> _DATA_:
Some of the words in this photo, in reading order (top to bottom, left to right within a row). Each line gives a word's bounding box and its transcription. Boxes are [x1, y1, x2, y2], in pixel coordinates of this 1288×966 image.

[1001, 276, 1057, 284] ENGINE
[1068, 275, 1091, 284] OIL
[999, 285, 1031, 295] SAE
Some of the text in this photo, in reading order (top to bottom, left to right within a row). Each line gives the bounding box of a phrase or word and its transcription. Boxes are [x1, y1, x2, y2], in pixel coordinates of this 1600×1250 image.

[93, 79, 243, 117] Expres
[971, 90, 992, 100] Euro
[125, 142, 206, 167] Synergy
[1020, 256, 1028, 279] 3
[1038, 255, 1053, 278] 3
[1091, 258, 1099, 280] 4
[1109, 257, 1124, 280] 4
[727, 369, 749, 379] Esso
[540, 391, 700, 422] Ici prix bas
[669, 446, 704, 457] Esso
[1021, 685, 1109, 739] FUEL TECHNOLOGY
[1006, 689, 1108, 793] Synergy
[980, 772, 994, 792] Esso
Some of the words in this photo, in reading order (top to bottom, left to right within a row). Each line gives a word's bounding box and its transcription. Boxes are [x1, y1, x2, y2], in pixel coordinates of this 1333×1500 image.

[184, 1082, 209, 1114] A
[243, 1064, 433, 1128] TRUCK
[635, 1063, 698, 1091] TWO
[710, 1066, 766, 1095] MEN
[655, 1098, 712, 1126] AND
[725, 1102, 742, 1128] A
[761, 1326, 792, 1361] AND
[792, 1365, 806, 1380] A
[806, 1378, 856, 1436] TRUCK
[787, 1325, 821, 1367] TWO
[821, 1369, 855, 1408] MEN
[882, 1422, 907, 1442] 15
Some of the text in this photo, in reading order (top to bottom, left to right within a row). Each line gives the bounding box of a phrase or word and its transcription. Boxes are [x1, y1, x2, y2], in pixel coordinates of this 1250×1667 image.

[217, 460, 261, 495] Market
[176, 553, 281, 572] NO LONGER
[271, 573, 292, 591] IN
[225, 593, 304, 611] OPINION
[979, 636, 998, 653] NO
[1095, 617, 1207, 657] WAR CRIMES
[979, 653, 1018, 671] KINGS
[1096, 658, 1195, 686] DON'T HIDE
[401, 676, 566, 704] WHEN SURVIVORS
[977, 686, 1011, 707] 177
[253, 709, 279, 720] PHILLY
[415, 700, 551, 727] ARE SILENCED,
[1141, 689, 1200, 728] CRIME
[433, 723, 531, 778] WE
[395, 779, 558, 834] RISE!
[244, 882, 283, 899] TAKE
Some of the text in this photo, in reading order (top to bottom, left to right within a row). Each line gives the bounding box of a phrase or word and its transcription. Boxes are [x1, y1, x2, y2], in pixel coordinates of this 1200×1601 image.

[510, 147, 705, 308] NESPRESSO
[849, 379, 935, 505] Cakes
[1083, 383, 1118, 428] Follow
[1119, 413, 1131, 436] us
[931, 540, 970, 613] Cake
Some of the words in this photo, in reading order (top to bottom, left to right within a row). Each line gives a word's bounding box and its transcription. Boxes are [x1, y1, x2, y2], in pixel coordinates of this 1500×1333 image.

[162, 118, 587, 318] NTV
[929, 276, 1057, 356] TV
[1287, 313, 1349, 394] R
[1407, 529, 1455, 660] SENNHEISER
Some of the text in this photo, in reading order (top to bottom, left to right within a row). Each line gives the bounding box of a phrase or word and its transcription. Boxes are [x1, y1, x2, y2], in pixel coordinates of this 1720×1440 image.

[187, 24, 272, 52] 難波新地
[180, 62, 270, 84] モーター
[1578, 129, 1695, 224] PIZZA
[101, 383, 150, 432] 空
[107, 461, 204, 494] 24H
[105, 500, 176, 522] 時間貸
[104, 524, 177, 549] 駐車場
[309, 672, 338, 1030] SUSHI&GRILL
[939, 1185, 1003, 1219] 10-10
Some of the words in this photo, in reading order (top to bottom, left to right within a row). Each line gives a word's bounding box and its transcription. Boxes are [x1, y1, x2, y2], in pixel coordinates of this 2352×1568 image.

> _TASK TO CARRY OUT_: Repeat all the lines above, keeping them exactly as they are.

> _SOLUTION FOR THIS EXERCISE_:
Some of the words in this photo, in reading order (top to bottom, left to right within a row). Each line gives a word's bounding box and its transcription. Boxes are [x1, y1, x2, y2], in pixel coordinates of this 1288×966 image.

[1001, 276, 1057, 284] ENGINE
[1068, 275, 1091, 284] OIL
[999, 285, 1031, 295] SAE
Some of the text in this photo, in reading order (top to bottom, left to right within a row). Each line gives the bounding box of a phrase or word and its transcription. Boxes are [x1, y1, x2, y2], in pixel coordinates of this 1600×1250 image.

[93, 79, 243, 117] Expres
[971, 90, 992, 100] Euro
[125, 142, 206, 167] Synergy
[1020, 256, 1028, 279] 3
[1038, 255, 1053, 278] 3
[1091, 258, 1099, 280] 4
[1109, 257, 1124, 280] 4
[727, 369, 749, 379] Esso
[540, 391, 700, 422] Ici prix bas
[669, 446, 704, 457] Esso
[1021, 685, 1109, 739] FUEL TECHNOLOGY
[1006, 689, 1108, 793] Synergy
[980, 772, 994, 792] Esso
Some of the words in this photo, in reading order (top to bottom, left to right within a row). Each line gives a word's bounding box and its transcription. Boxes are [x1, y1, x2, y2], in pixel coordinates of this 1333×1500 image.

[184, 1082, 209, 1114] A
[243, 1064, 433, 1128] TRUCK
[635, 1063, 698, 1091] TWO
[710, 1066, 766, 1095] MEN
[655, 1098, 712, 1126] AND
[725, 1102, 742, 1128] A
[761, 1326, 792, 1361] AND
[792, 1365, 806, 1380] A
[806, 1378, 856, 1436] TRUCK
[787, 1325, 821, 1367] TWO
[821, 1369, 855, 1408] MEN
[882, 1422, 907, 1442] 15
Some of the text in this photo, in reading order (top to bottom, left to right within a row). Each line gives the bounding box of a phrase or word and its transcription. Boxes are [x1, y1, x2, y2], in pixel coordinates of this 1250×1667 image.

[217, 460, 261, 495] Market
[176, 553, 281, 572] NO LONGER
[271, 573, 292, 591] IN
[225, 593, 304, 611] OPINION
[979, 636, 998, 653] NO
[1095, 617, 1207, 657] WAR CRIMES
[979, 653, 1018, 671] KINGS
[1096, 658, 1195, 686] DON'T HIDE
[401, 676, 566, 704] WHEN SURVIVORS
[977, 686, 1011, 707] 177
[253, 709, 279, 720] PHILLY
[415, 700, 551, 727] ARE SILENCED,
[1141, 689, 1200, 728] CRIME
[433, 723, 531, 778] WE
[395, 779, 558, 834] RISE!
[244, 882, 283, 899] TAKE
Some of the text in this photo, in reading order (top to bottom, left to right within a row). Each line gives the bounding box of a phrase or word and its transcription. Boxes are [x1, y1, x2, y2], in pixel coordinates of this 1200×1601 image.

[510, 147, 705, 308] NESPRESSO
[849, 379, 935, 505] Cakes
[1083, 383, 1118, 428] Follow
[1119, 413, 1131, 436] us
[931, 540, 970, 613] Cake
Some of the words in this photo, in reading order (top to bottom, left to right within a row). Each line gives a word's bounding box and its transcription. Boxes are [x1, y1, x2, y2], in pixel coordinates of this 1500×1333 image.

[162, 118, 587, 318] NTV
[929, 276, 1057, 356] TV
[1287, 313, 1349, 394] R
[1407, 529, 1455, 660] SENNHEISER
Some of the text in this photo, in reading order (top to bottom, left to right within a row). Each line gives the bounding box of a phrase or word and its transcription. Boxes are [x1, y1, x2, y2], in pixel coordinates of this 1720×1440 image.

[187, 24, 272, 52] 難波新地
[180, 62, 270, 84] モーター
[1578, 129, 1695, 224] PIZZA
[101, 383, 150, 432] 空
[107, 461, 204, 494] 24H
[105, 500, 176, 522] 時間貸
[104, 524, 177, 549] 駐車場
[309, 672, 338, 1030] SUSHI&GRILL
[939, 1185, 1003, 1219] 10-10
Some of the words in this photo, in reading order (top to bottom, left to right within a row). Each line gives a word's bounding box and its transcription. Boxes are [x1, y1, x2, y2], in pixel coordinates of this 2352×1568 image.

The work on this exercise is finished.